The capacitors are rated for 400V/us peak, so I can safely, repeatedly pull
8kA peak out of the bank.
There's probably 0.1uH or more there in the wiring, which constitutes a
resonant frequency of 110kHz. For a lossless connection and 630VDC initial,
that would constitute 445Vrms across the inductance for a current of 6300A,
within ratings.
Or better yet, short the terminals through a coil. 5kA through a few turns
will make some generous magnetic field, maybe I can shoot an aluminum plate
into the air a few feet (not much since it's only four joules stored).
But anyway, enough of the fantasy, I'll tell you how it works.
Know anything at all about radio? Tuned circuits and whatnot?
(You should anyway- when you're switching 200A on and off, a lot of pieces
of wire suddenly become inductors. Bypass capacitors can ring with these
bits and potentially make things worse!)
The basic idea is, to heat metal with an AC magnetic field, you need a
pretty strong field. A good way to generate this is an iron-cored
transformer, but that needs big scales to work on, so ain't gonna cut it
here. So we use a coreless inductor.
When you run amps through a coil, it makes a magnetic field, which induces
voltage in the work, which has resistance, P = V^2/R and you get heating.
In the coil, it takes a lot of amps to build that field, though. If you
figure 1" insulation around a 4" dia slug of iron, that's a 6" coil. The
cross-sectional area is 16 to 36, or 44% of the primary is coupled to the
secondary (coupling factor 0.44, roughly speaking). It'll be a bit lower in
practice due to stray field and whatnot. So if we run 100kVA (such as, say,
316V * 316A) through the primary, 44kVA is coupled to the work, which
reflects back some of this as back EMF (silver, copper, gold and aluminum
being the worst load metals for this reason), and dissipates perhaps 20kW of
that. Overall, you have a 5:1 ratio between volt-amps in the primary and
actual power consumed.
If you run transistors (or SCRs, or tubes) into that primary alone, you have
to handle all 100kVA as if it were real power. If your inverter itself is
90% efficient, you'll be burning (100k / 0.9) - 100k = 11kW in the process!

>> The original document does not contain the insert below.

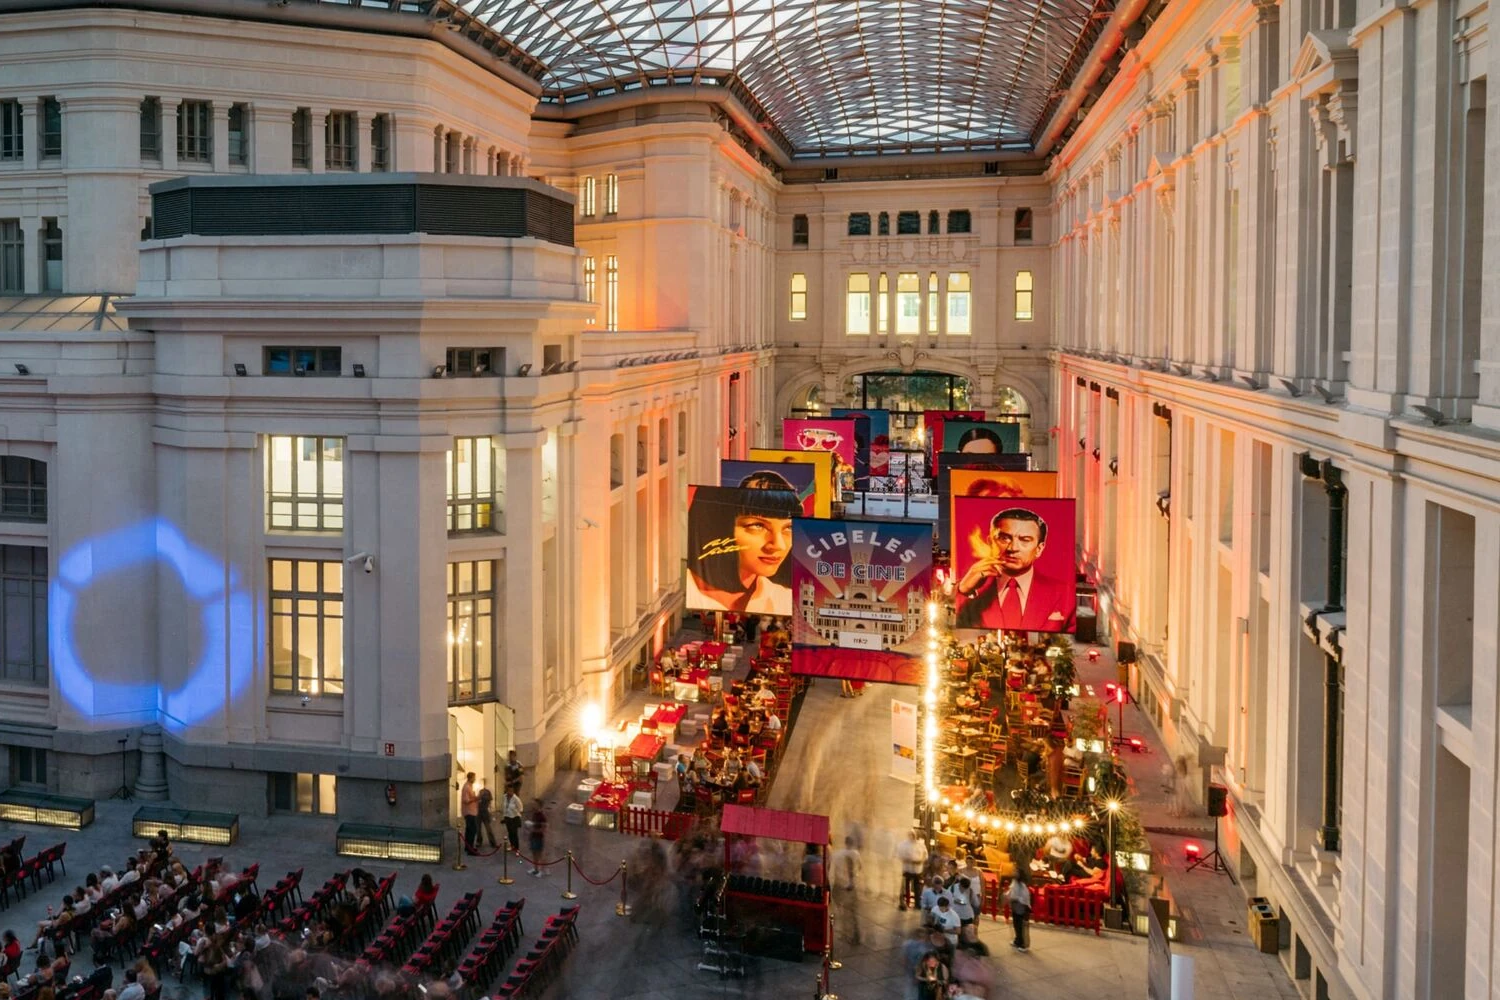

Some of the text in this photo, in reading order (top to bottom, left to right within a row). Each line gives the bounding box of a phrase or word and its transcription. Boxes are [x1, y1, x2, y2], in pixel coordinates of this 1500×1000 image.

[806, 530, 917, 563] CIBELES
[816, 560, 906, 582] DE CINE

That's 66% overall (31kW input, 20kW output, 11kW dissipated) for what
should be a 90% efficient system. There's a better way.

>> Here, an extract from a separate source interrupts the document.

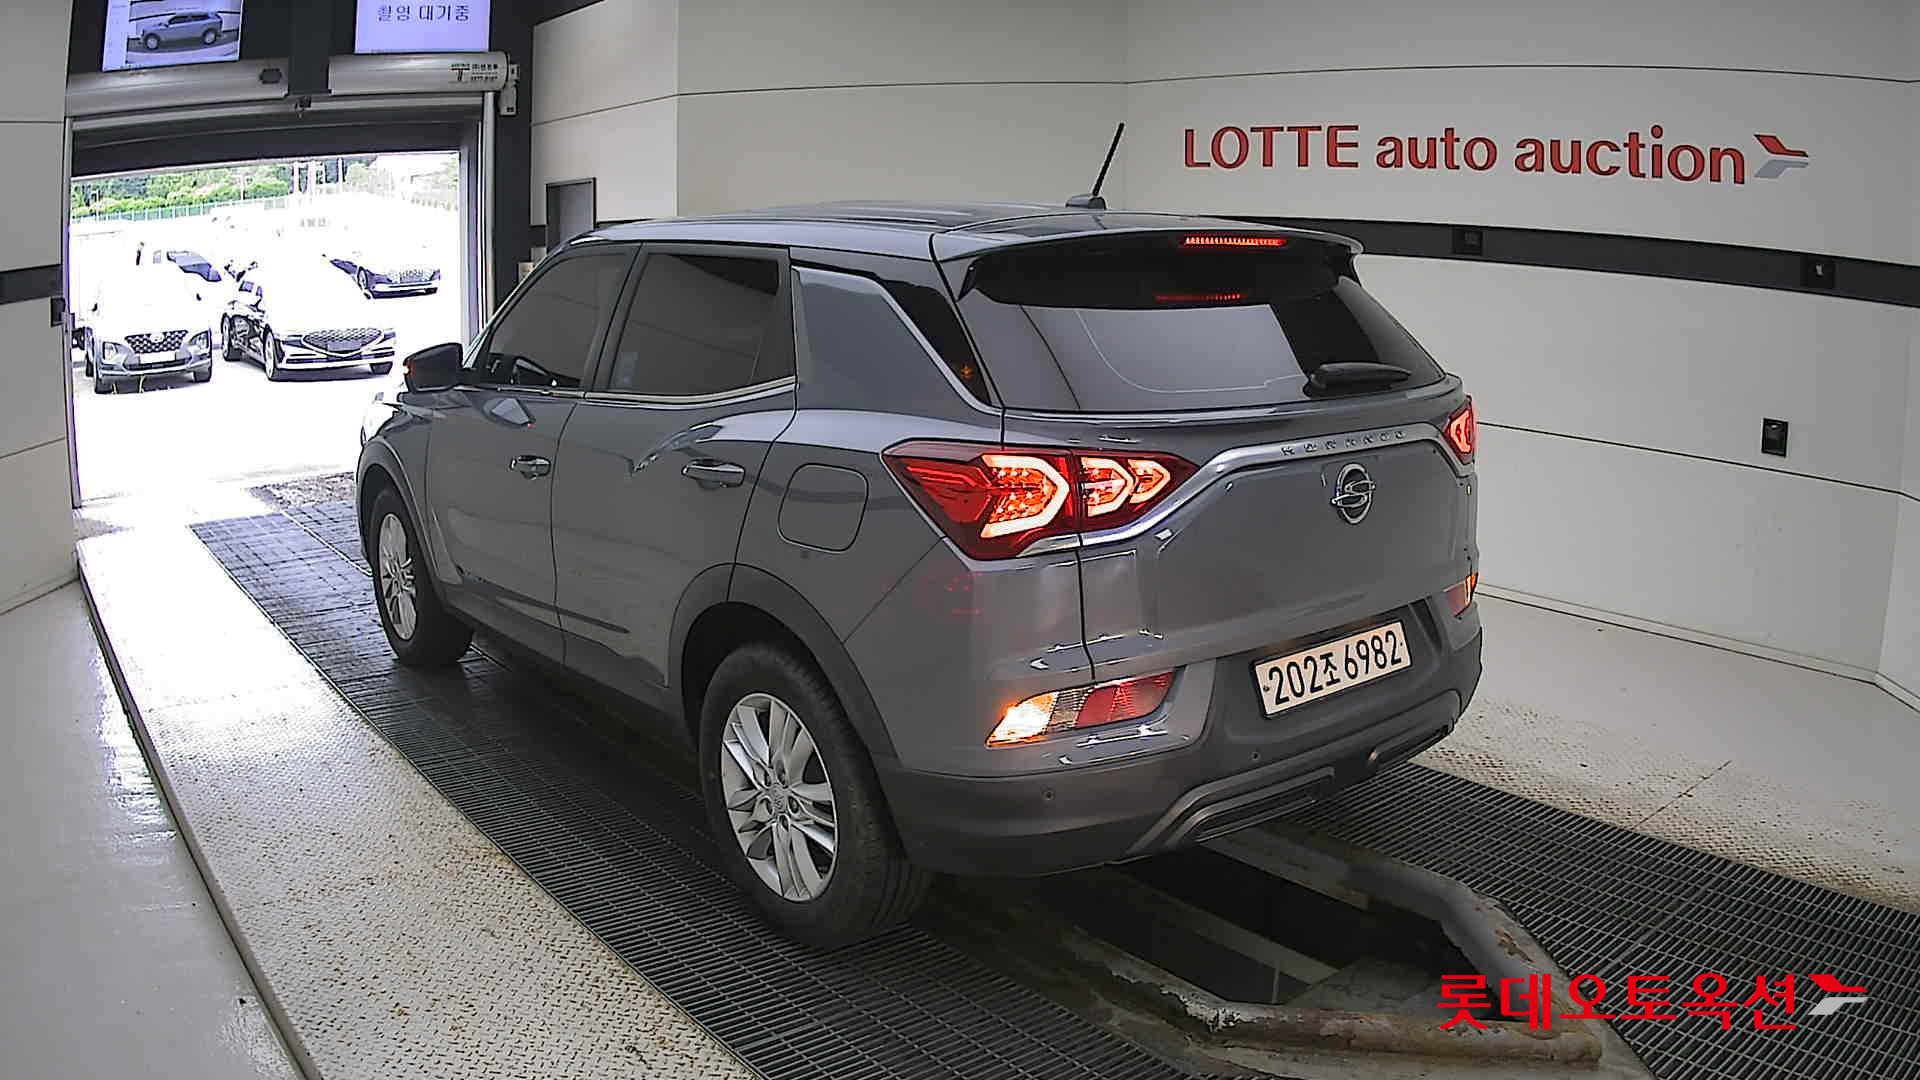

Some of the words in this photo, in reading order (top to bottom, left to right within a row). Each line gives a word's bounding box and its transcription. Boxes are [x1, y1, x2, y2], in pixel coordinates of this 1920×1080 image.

If you cancel the inductive component of the primary, you are left with real
current that does real work. A capacitor is the opposite of an inductor.

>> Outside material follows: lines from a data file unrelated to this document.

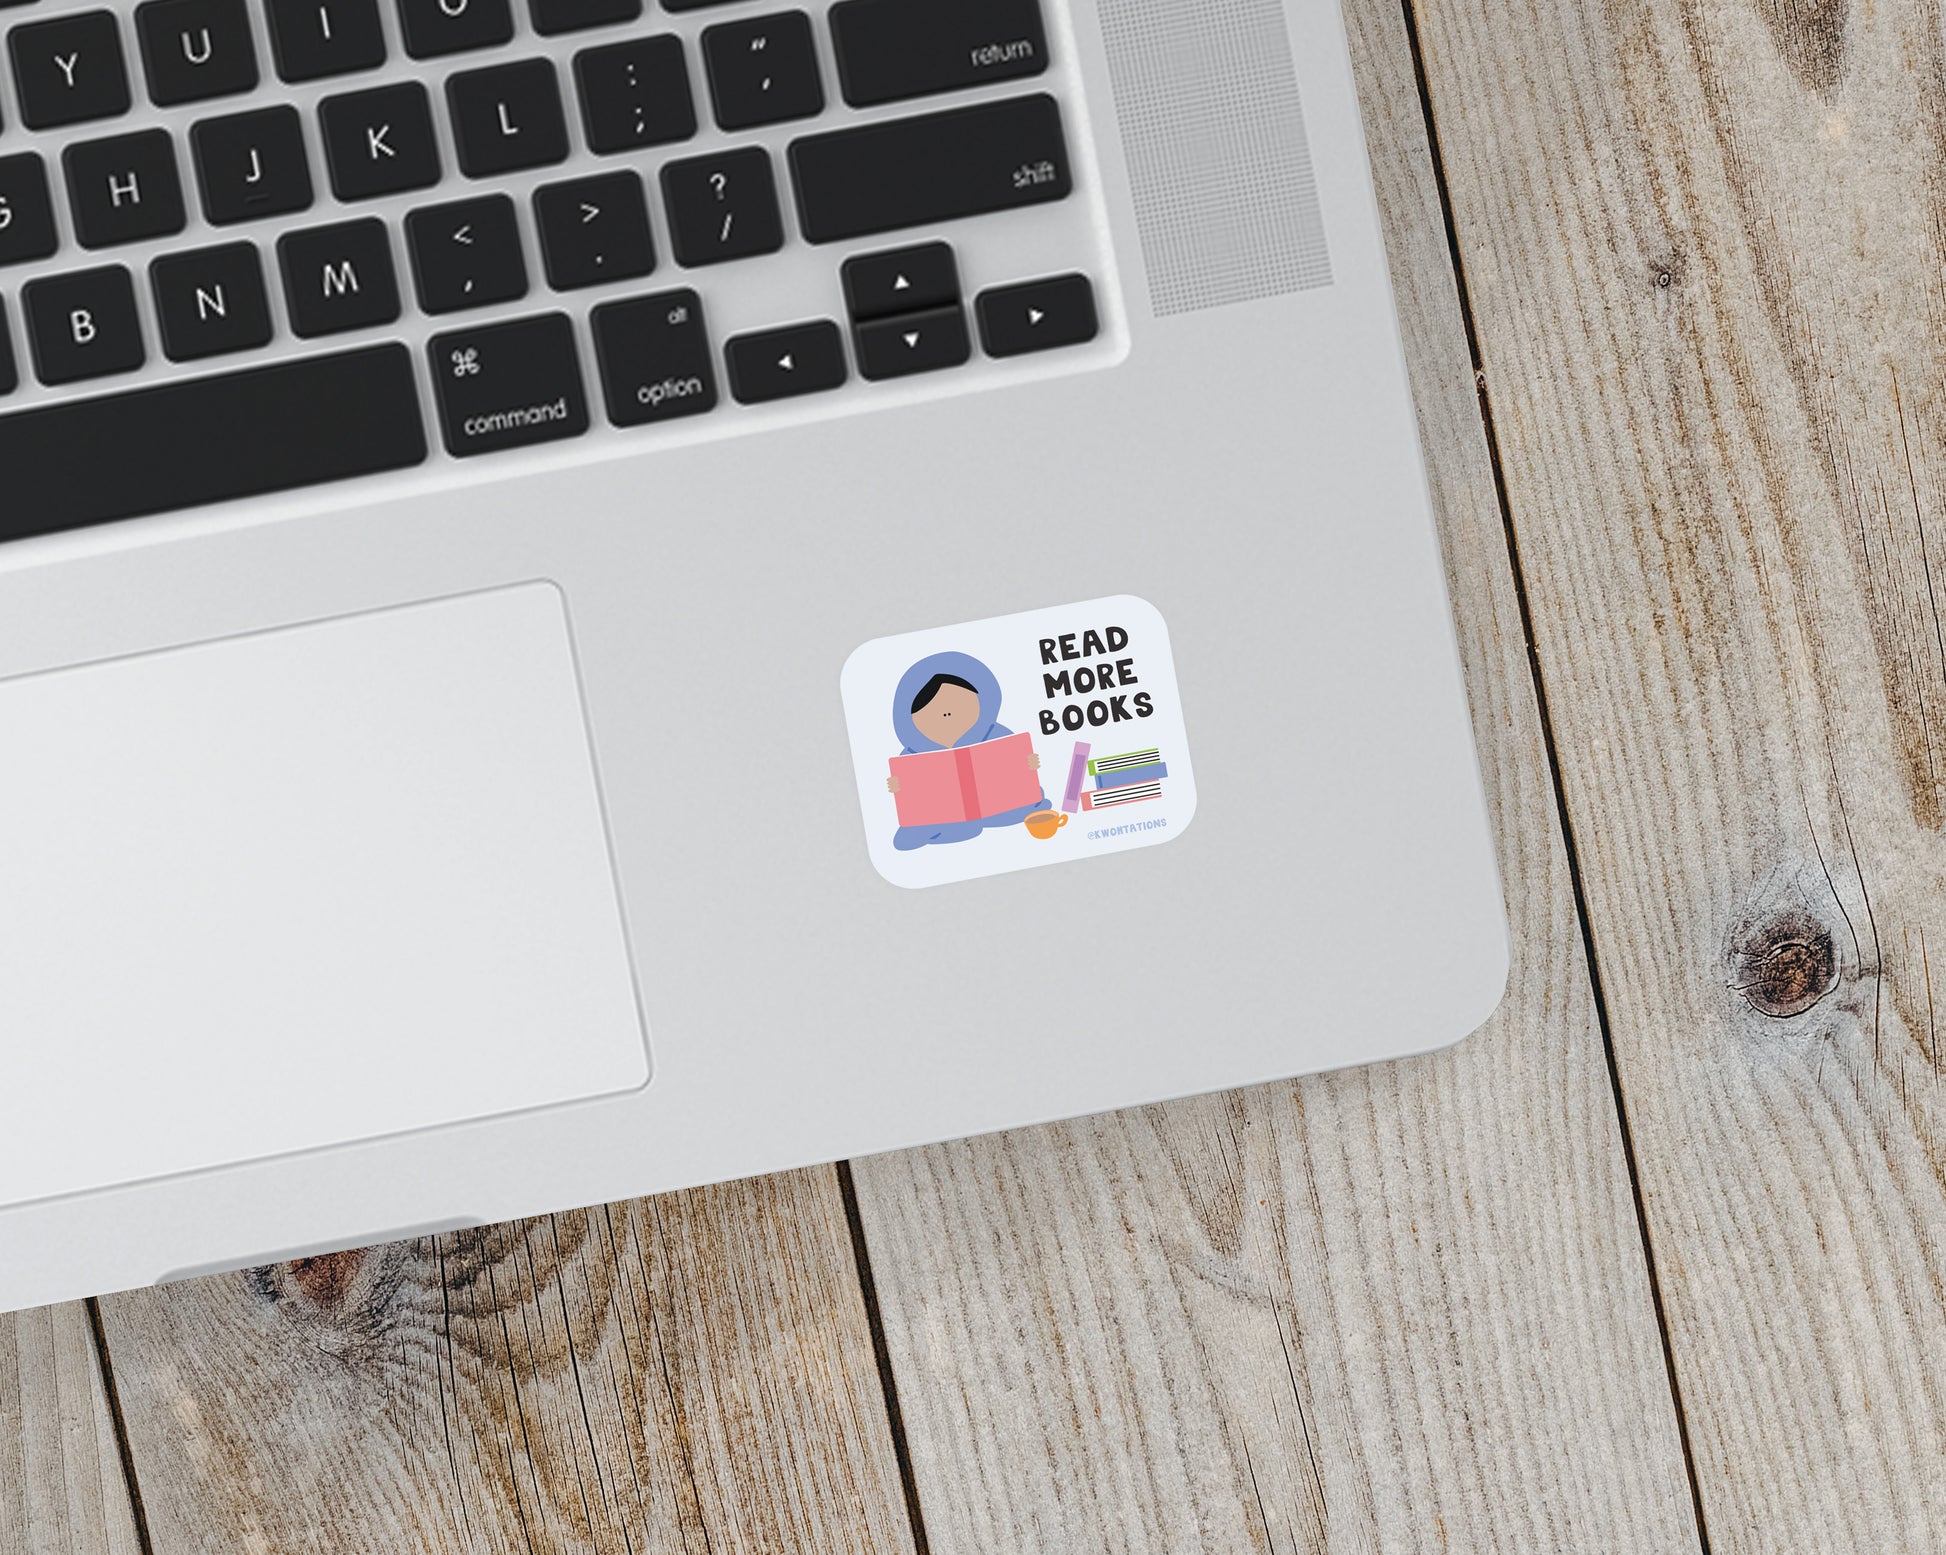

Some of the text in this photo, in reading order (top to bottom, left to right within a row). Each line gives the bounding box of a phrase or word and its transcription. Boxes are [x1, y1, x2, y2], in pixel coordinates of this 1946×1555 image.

[319, 6, 331, 39] I
[181, 28, 212, 64] U
[970, 40, 1033, 66] return
[54, 52, 78, 87] Y
[498, 103, 519, 135] L
[367, 124, 395, 160] K
[246, 149, 261, 183] J
[1012, 160, 1055, 188] shift
[109, 172, 140, 207] H
[709, 173, 726, 199] ?
[323, 261, 359, 297] M
[195, 284, 226, 320] N
[70, 309, 96, 343] B
[637, 377, 703, 406] option
[464, 397, 567, 435] command
[1039, 626, 1129, 665] READ
[1042, 658, 1139, 699] MORE
[1038, 692, 1154, 735] BOOKS

You can connect them in parallel or series to accomplish this. In series,
currents must be equal; in parallel, voltages must be equal. In either
case, the reactive components cancel at resonance (you may remember an
inductor's reactance rises as frequency goes up, while a capacitor's falls;
when equal, they resonate).
That leaves the problem of driving it. With 20uF anchoring the tank
circuit, you aren't going to make the voltage change much faster than the
sinewave on it. It's perfectly okay to drive with a sine wave, but it needs
either a much faster class D amplifier, or an inefficient linear amplifier.
Class D amps just aren't cheap or easy to make in the 200+kHz, 10kW range,
and aren't very efficient either. (Class A through C means linear
amplification with a varying amount of conduction time; class D is with the
transistors always either ON (low voltage, high current) or OFF (low
current, high voltage). Since voltage or current is low at any given time,
power loss is low, except during switching.)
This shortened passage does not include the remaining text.